» Aim of the exercise: Every record below must come back exactly as written, with the images dropped.

[Saved entries]

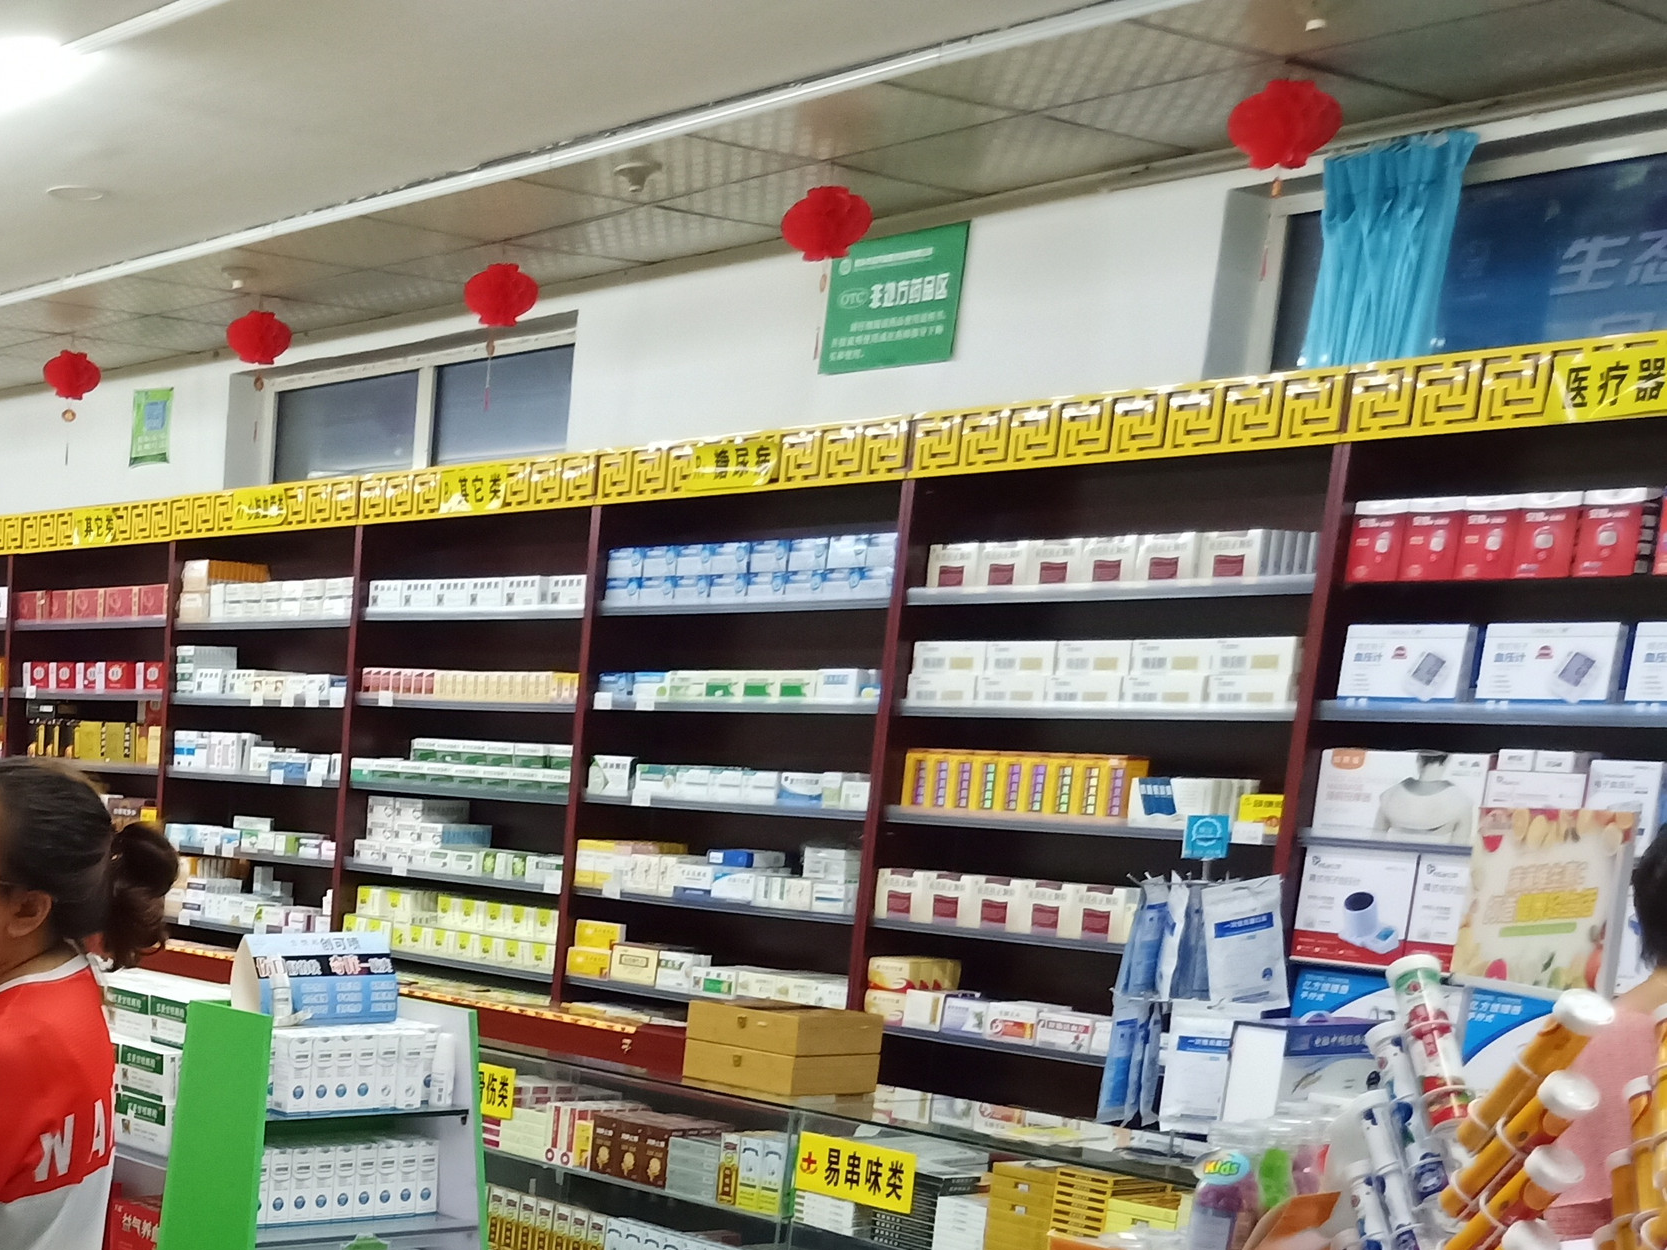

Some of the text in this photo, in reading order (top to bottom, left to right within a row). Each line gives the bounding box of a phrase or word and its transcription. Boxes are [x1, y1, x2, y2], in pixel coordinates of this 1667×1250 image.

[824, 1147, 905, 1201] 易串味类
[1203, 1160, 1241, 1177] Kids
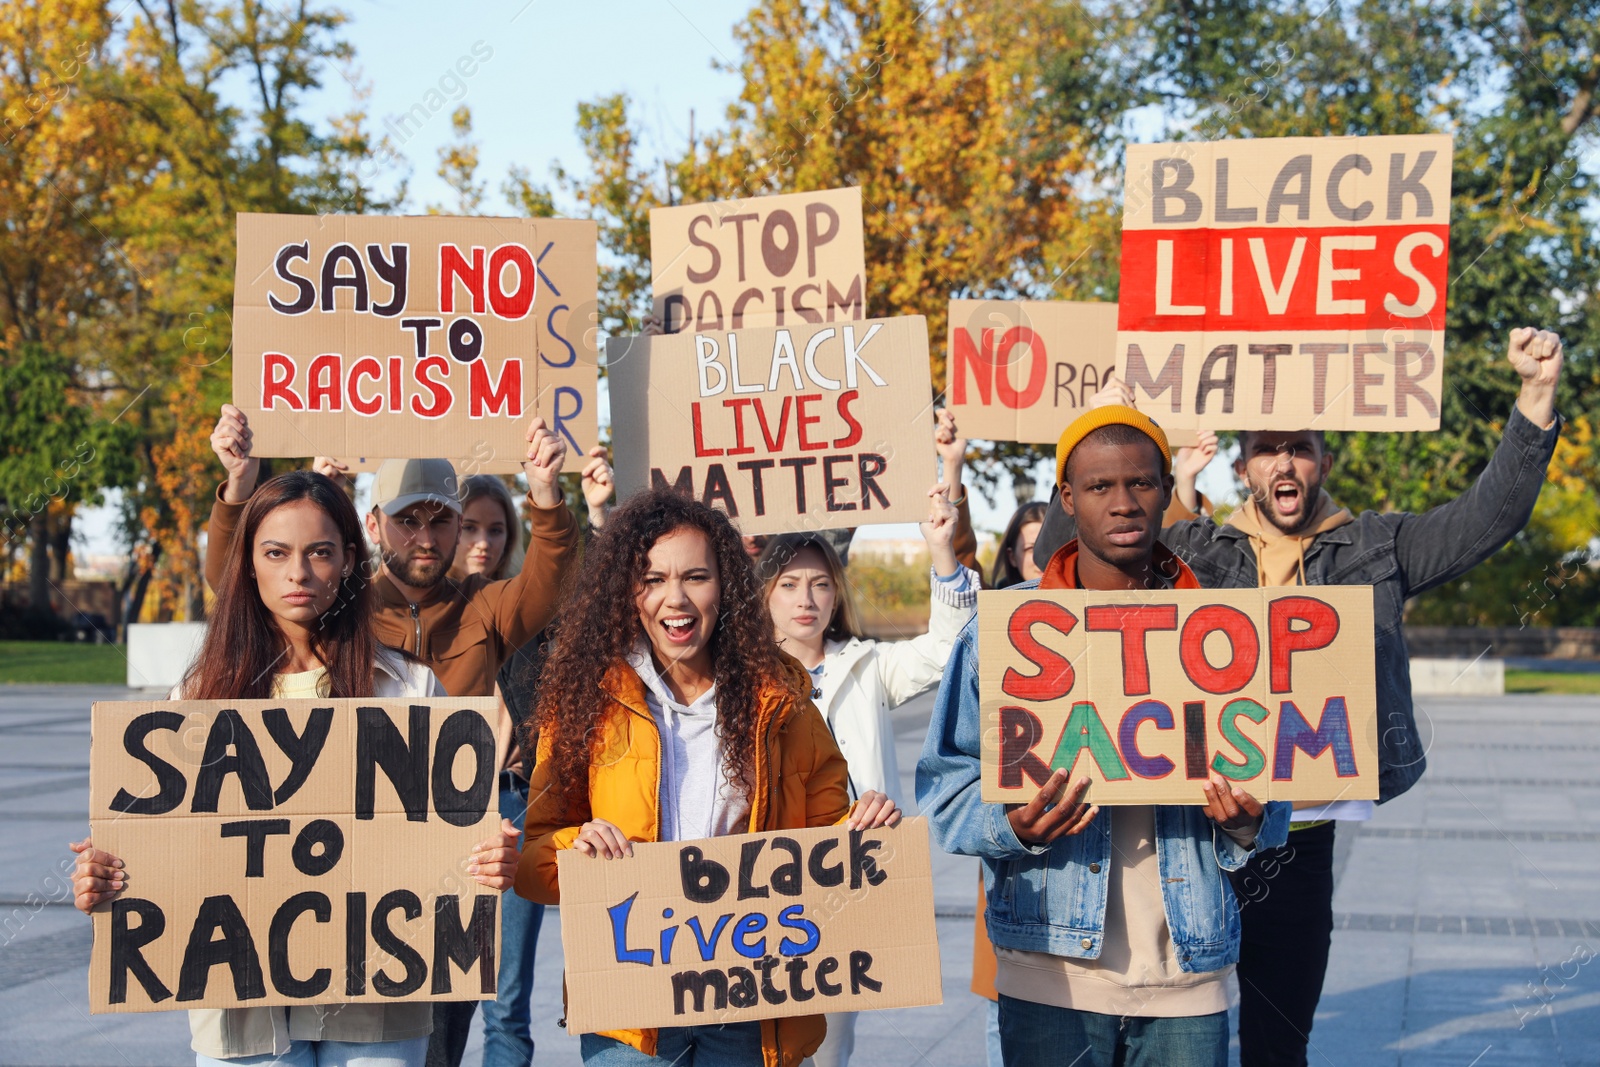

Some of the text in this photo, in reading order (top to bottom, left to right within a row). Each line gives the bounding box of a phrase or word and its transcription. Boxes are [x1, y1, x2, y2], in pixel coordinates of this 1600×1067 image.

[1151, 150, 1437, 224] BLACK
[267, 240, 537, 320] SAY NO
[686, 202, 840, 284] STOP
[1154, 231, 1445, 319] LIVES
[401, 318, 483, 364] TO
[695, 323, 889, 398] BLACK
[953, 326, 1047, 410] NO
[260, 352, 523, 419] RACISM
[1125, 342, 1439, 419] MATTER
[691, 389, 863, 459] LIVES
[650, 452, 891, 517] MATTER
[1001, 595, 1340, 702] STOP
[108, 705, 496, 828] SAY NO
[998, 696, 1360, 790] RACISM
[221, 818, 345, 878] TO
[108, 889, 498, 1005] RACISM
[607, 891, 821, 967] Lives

» Answer section:
Some of the text in this photo, in reading order (top to bottom, left to right within a row). Each line gives the bounding box of a phrase or word and its transcription. Boxes are [x1, y1, x2, y2], in pixel coordinates of this 1667×1250 image.

[824, 1147, 905, 1201] 易串味类
[1203, 1160, 1241, 1177] Kids

Some of the text in this photo, in reading order (top to bottom, left to right within a row). Each line gives the bounding box of a phrase or word and its transcription. Boxes are [x1, y1, x2, y2], in pixel coordinates of this 1600×1067 image.

[1151, 150, 1437, 224] BLACK
[267, 240, 537, 320] SAY NO
[686, 202, 840, 284] STOP
[1154, 231, 1445, 319] LIVES
[401, 318, 483, 364] TO
[695, 323, 889, 398] BLACK
[953, 326, 1047, 410] NO
[260, 352, 523, 419] RACISM
[1125, 342, 1439, 419] MATTER
[691, 389, 863, 459] LIVES
[650, 452, 891, 517] MATTER
[1001, 595, 1340, 702] STOP
[108, 705, 496, 828] SAY NO
[998, 696, 1360, 790] RACISM
[221, 818, 345, 878] TO
[108, 889, 498, 1005] RACISM
[607, 891, 821, 967] Lives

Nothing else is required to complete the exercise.